Train travel, in particular, has experienced exceptional growth in the past few years. “We are past the era of fast, frequent travel and guilt-free consumption,” explains Gary Franklin, from luxury hospitality operator Belmond, which owns the Venice Simplon-Orient Express. “Today’s discerning travellers are looking for meaningful, slower-paced, sustainable and immersive experiences and train travel is arguably the most romantic and charming way to reach [your chosen] destination.”

Bookings on the Venice Simplon-Orient-Express (whose dining experience comes via French chef Jean Imbert of Plaza Athénée fame) and Royal Scotsman luxury trains are up 20 per cent and 35 percent respectively on pre-pandemic figures, says Franklin. Meanwhile, Belmond’s British Pullman—which features the 1950s-era Cygnus carriage delightfully redesigned by filmmaker Wes Anderson—has grown its clientele by a whopping 40 per cent.

In Europe, the iconic Orient Express (unrelated to the Venice Simplon-Orient-Express), which debuted in 1883 for journeys from Paris to Istanbul, is set to launch a new service taking in 14 Italian regions next year. The joint venture by France’s state rail company SNCF, hospitality group Accor and Italian property investment company Arsenale focuses on exploring lesser-known parts of the country. Featuring mid-century-inspired interiors by Milan-based design firm Dimorestudio (whose client list includes Dior, Fendi and Hermes), the La Dolce Vita service will also offer international journeys from Rome to Istanbul, Paris and Split—with bespoke excursions such as truffle hunting in Piedmont available along the way.

According to social media giant Pinterest, the search terms “train trip aesthetic” and “train quotes travel” rose by 205 and 285 per cent respectively in the past year. “Train bragging” has also become part of the platform’s lexicon thanks to users flaunting images of their exotic rail adventures.

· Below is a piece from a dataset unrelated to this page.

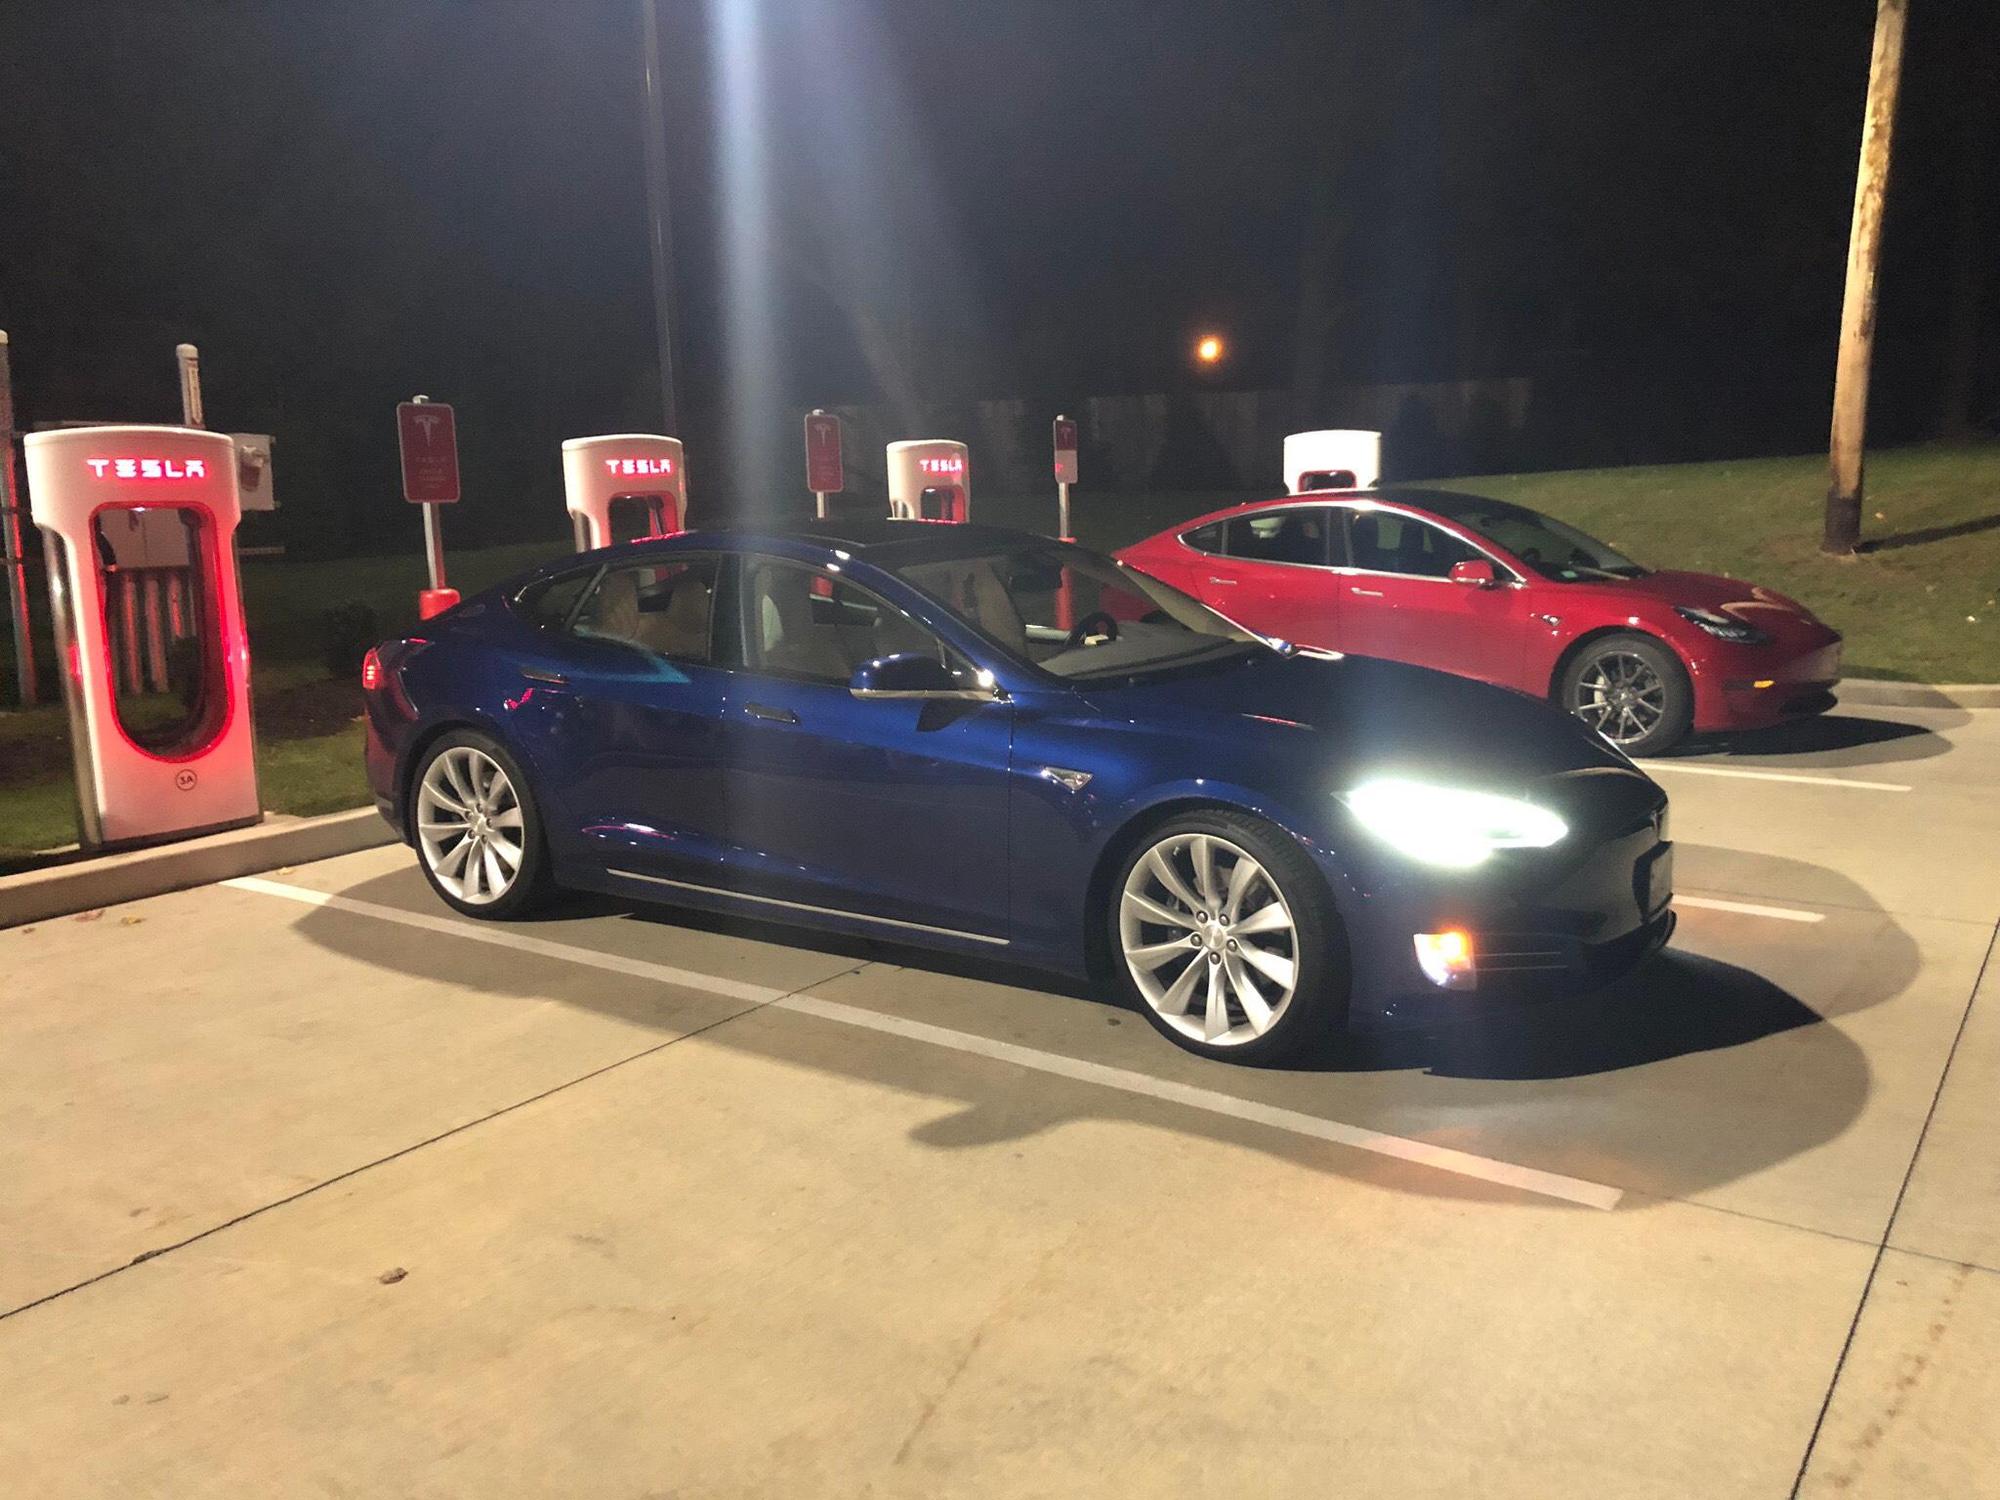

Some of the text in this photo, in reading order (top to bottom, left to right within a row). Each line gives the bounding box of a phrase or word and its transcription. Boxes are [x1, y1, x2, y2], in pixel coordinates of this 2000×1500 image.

Around the world it appears a rail renaissance is taking shape, with new tech-enabled trains promising experiences that range from super-comfortable to ultra-luxurious. This includes sleeper trains, which are increasingly billed as a climate-friendly alternative to short-haul flights for both business and leisure travellers. Later this year Austrian national rail operator OBB will roll out 33 next-gen NightJet sleeper trains to elevate comfort for those connecting to the European railway hub of Zurich Hauptbahnhof. Recent upgrades have also raised standards and shortened travel times between Oslo and Stockholm, with five services now running each day.

On the water, meanwhile, Orient Express will launch its first cruise in 2026 having commissioned a 220m sailing yacht from Chantiers de L’Atlantique with capacity for up to 120 passengers. The wind and LNG-powered vessel is set to join a new strand of hotel-yacht hybrids taking to the seas over the next couple of years, with luxury resort groups such as Four Seasons and Aman also investing in floating sanctuaries that deliver high-end hospitality with a greater degree of structure than a private charter.

In this exciting new era of travel, the nostalgic gilded-age charm of trains and boats is being reimagined with a modern, green, tech-forward edge—offering travellers the best of both worlds.